▶ _Goal of the exercise_:
Pictures do not belong in the copy; quote every entry below exactly.

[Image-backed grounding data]
—————

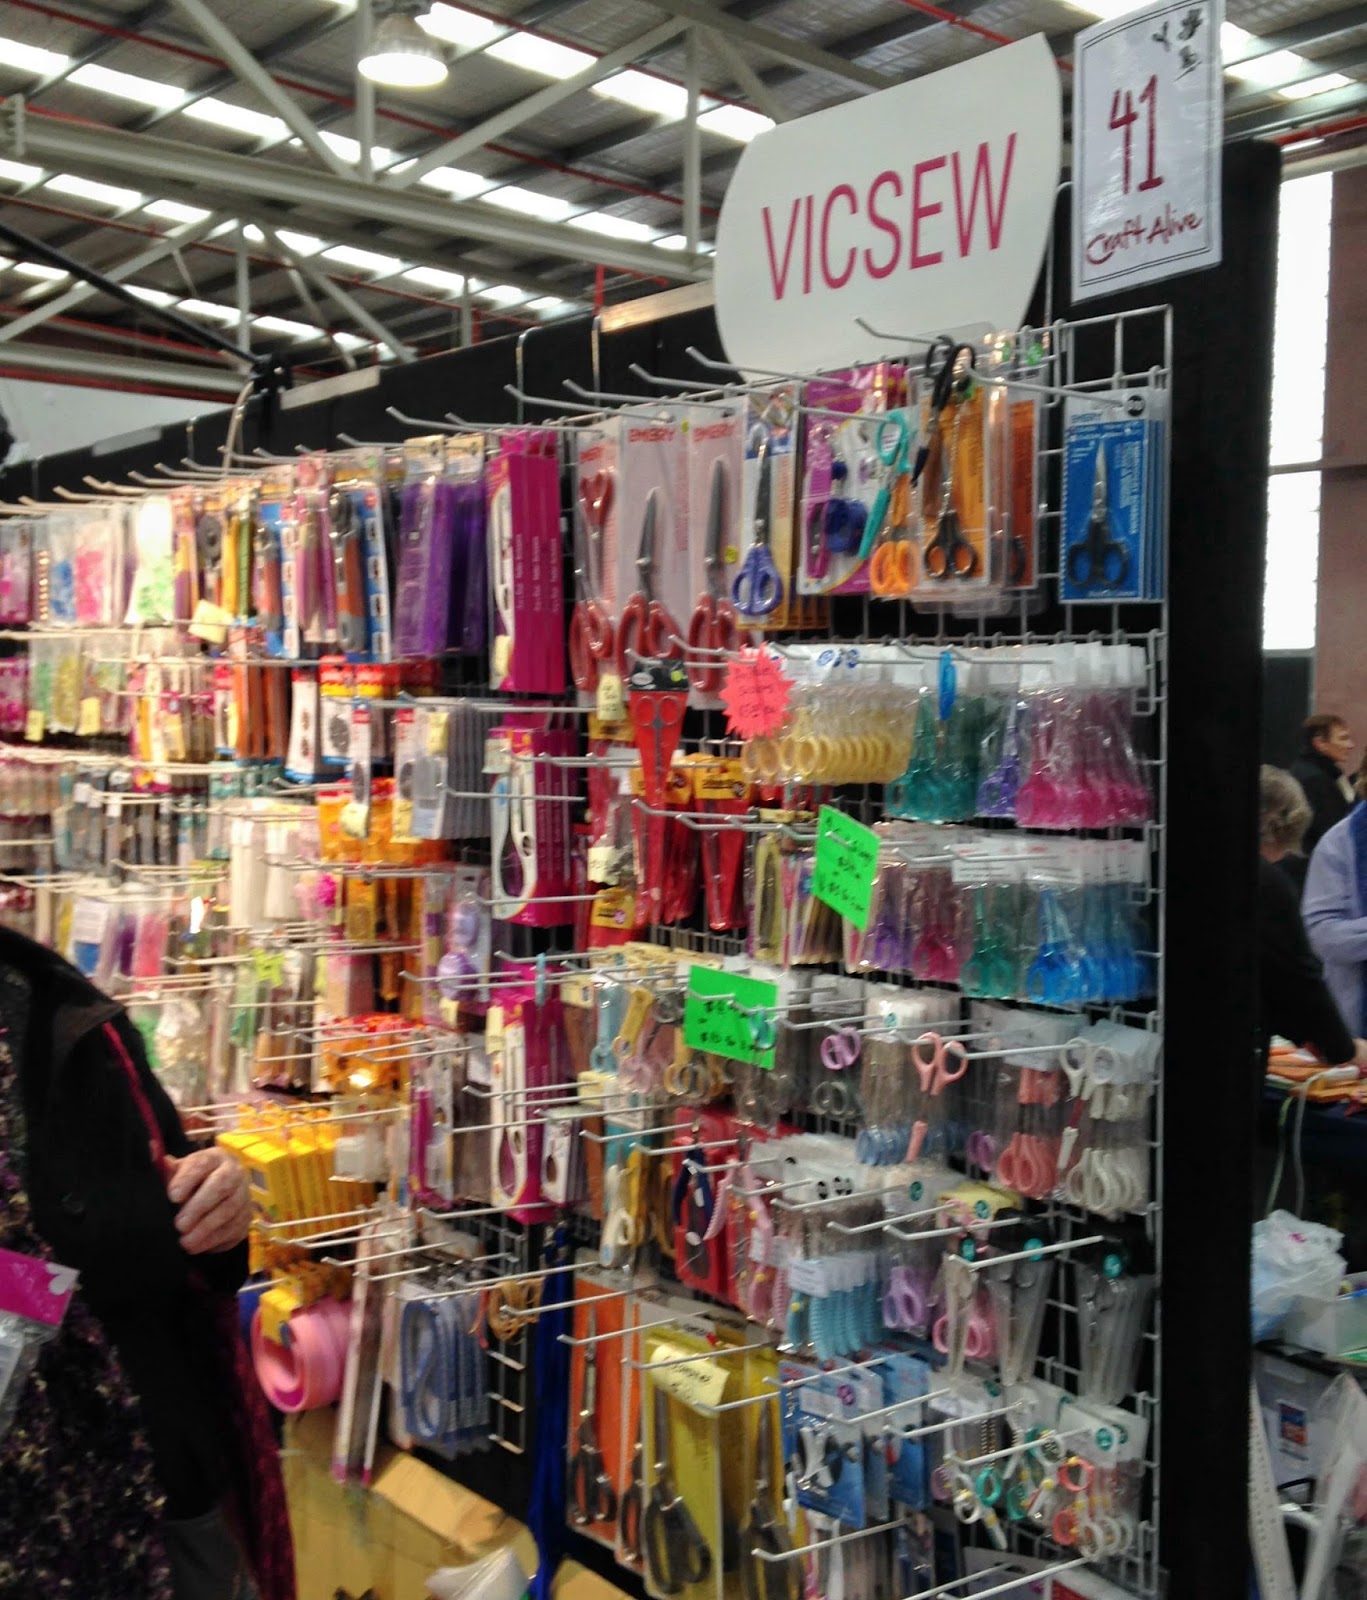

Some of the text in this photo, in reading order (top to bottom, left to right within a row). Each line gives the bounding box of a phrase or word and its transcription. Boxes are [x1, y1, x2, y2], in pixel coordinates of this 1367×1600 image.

[1109, 73, 1164, 195] 41
[762, 132, 1018, 301] VICSEW
[1086, 202, 1203, 265] Craft Alive
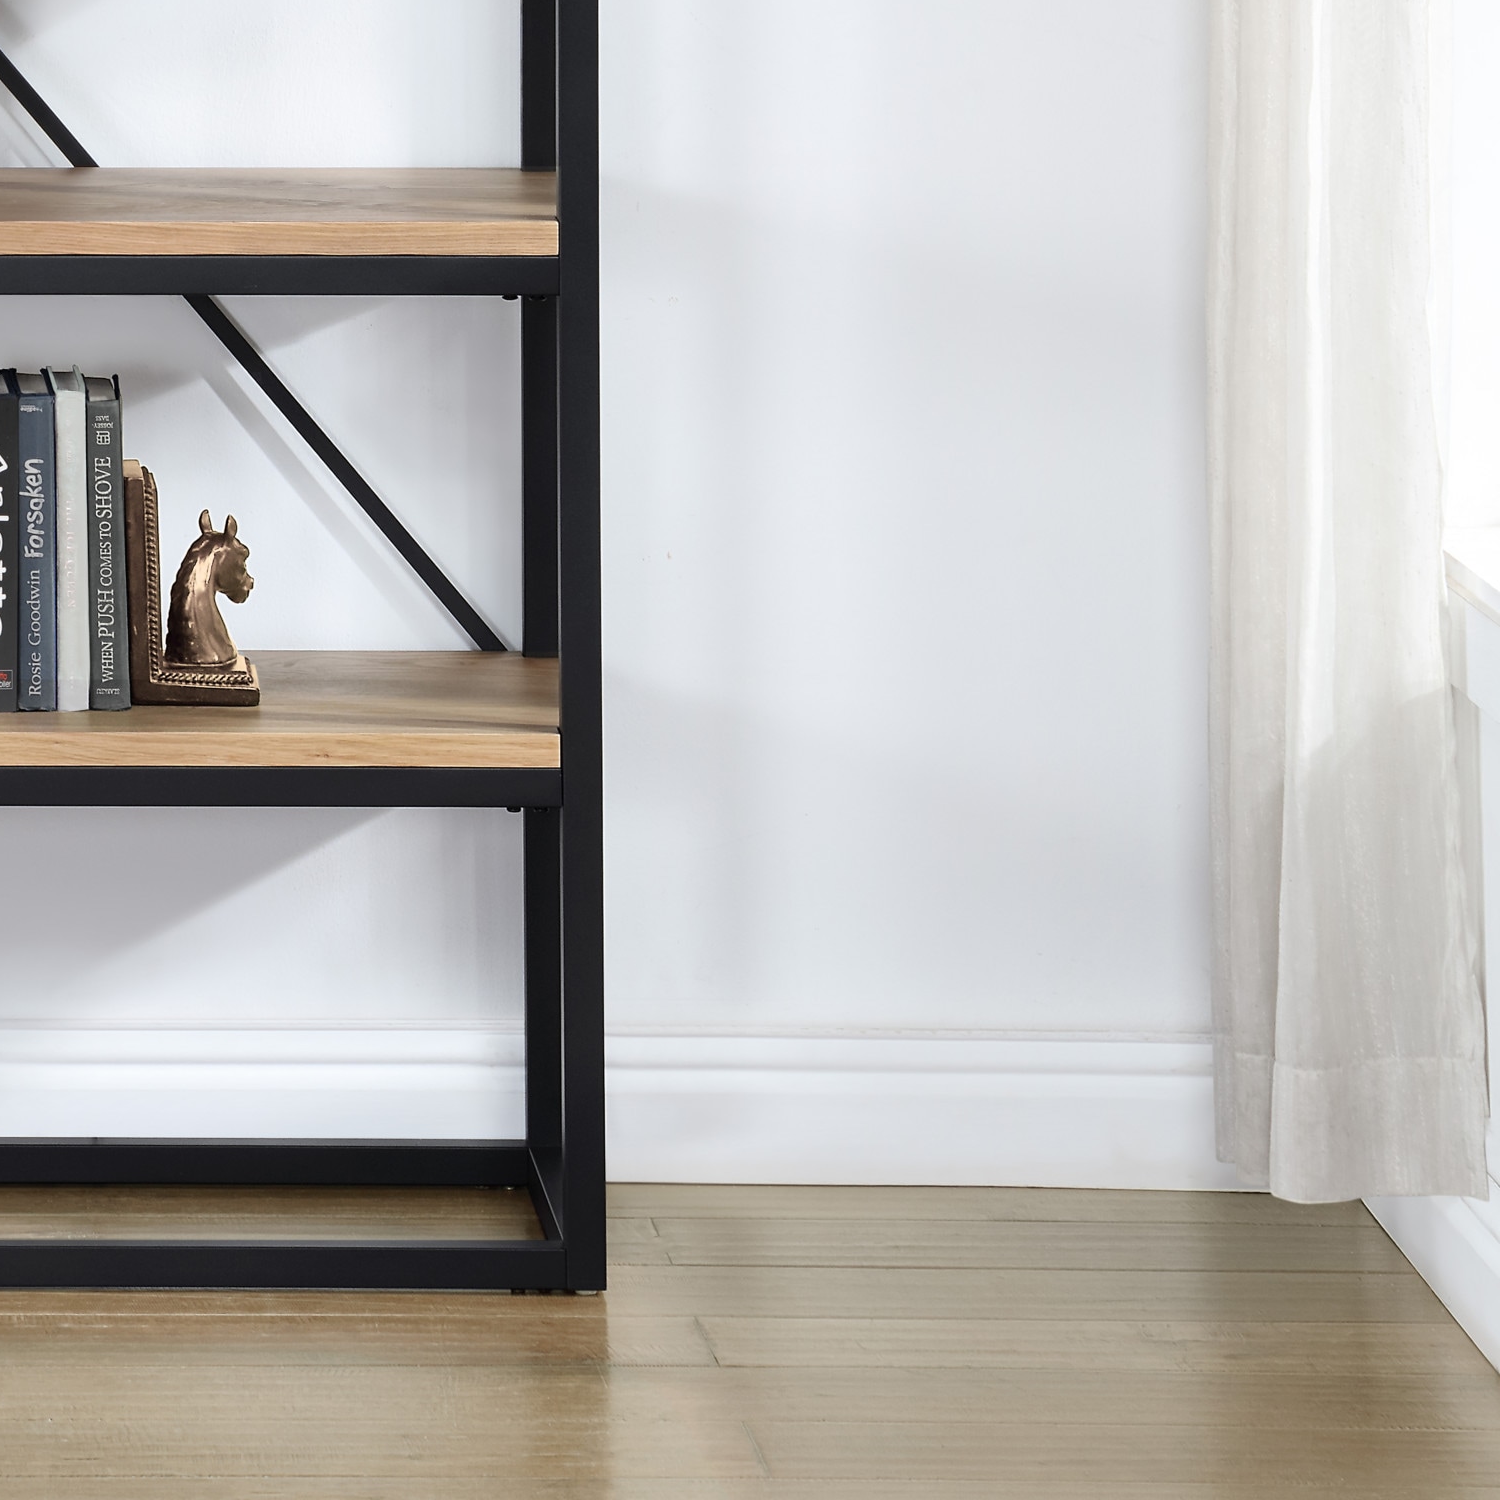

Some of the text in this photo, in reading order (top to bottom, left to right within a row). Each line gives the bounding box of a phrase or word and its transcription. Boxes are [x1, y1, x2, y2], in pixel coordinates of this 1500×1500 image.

[18, 458, 45, 696] Rosie Goodwin Forsaken
[94, 456, 115, 683] WHEN PUSH COMES TO SHOVE
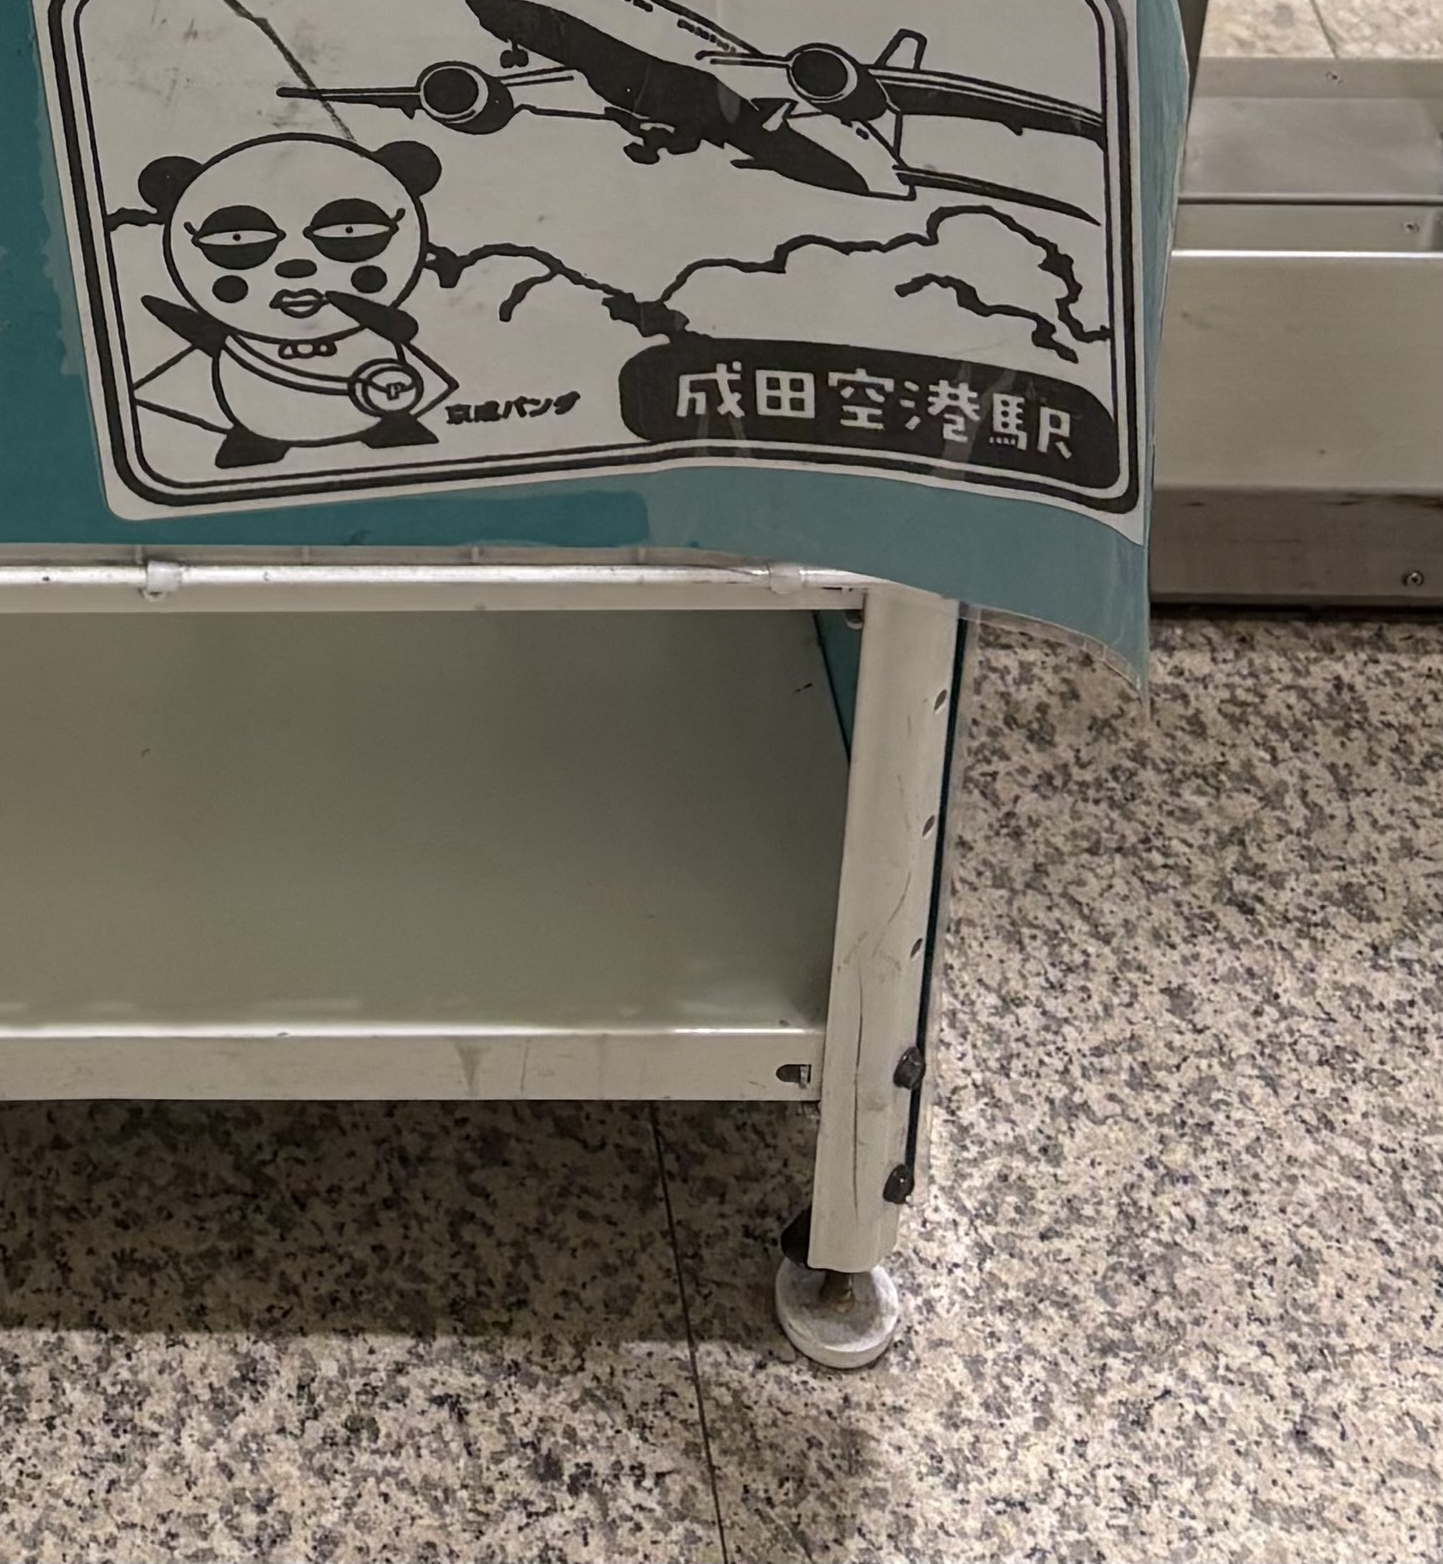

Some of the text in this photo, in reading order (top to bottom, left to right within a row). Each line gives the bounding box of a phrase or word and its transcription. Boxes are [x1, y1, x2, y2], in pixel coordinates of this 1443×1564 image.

[676, 359, 1074, 460] 成田空港駅

—————

▶ _Task solution_:
Some of the text in this photo, in reading order (top to bottom, left to right within a row). Each line gives the bounding box of a phrase or word and its transcription. Boxes are [x1, y1, x2, y2], in pixel coordinates of this 1367×1600 image.

[1109, 73, 1164, 195] 41
[762, 132, 1018, 301] VICSEW
[1086, 202, 1203, 265] Craft Alive

Some of the text in this photo, in reading order (top to bottom, left to right within a row). Each line gives the bounding box of a phrase or word and its transcription. Boxes are [x1, y1, x2, y2], in pixel coordinates of this 1500×1500 image.

[18, 458, 45, 696] Rosie Goodwin Forsaken
[94, 456, 115, 683] WHEN PUSH COMES TO SHOVE

Some of the text in this photo, in reading order (top to bottom, left to right within a row). Each line gives the bounding box of a phrase or word and its transcription. Boxes are [x1, y1, x2, y2], in pixel coordinates of this 1443×1564 image.

[676, 359, 1074, 460] 成田空港駅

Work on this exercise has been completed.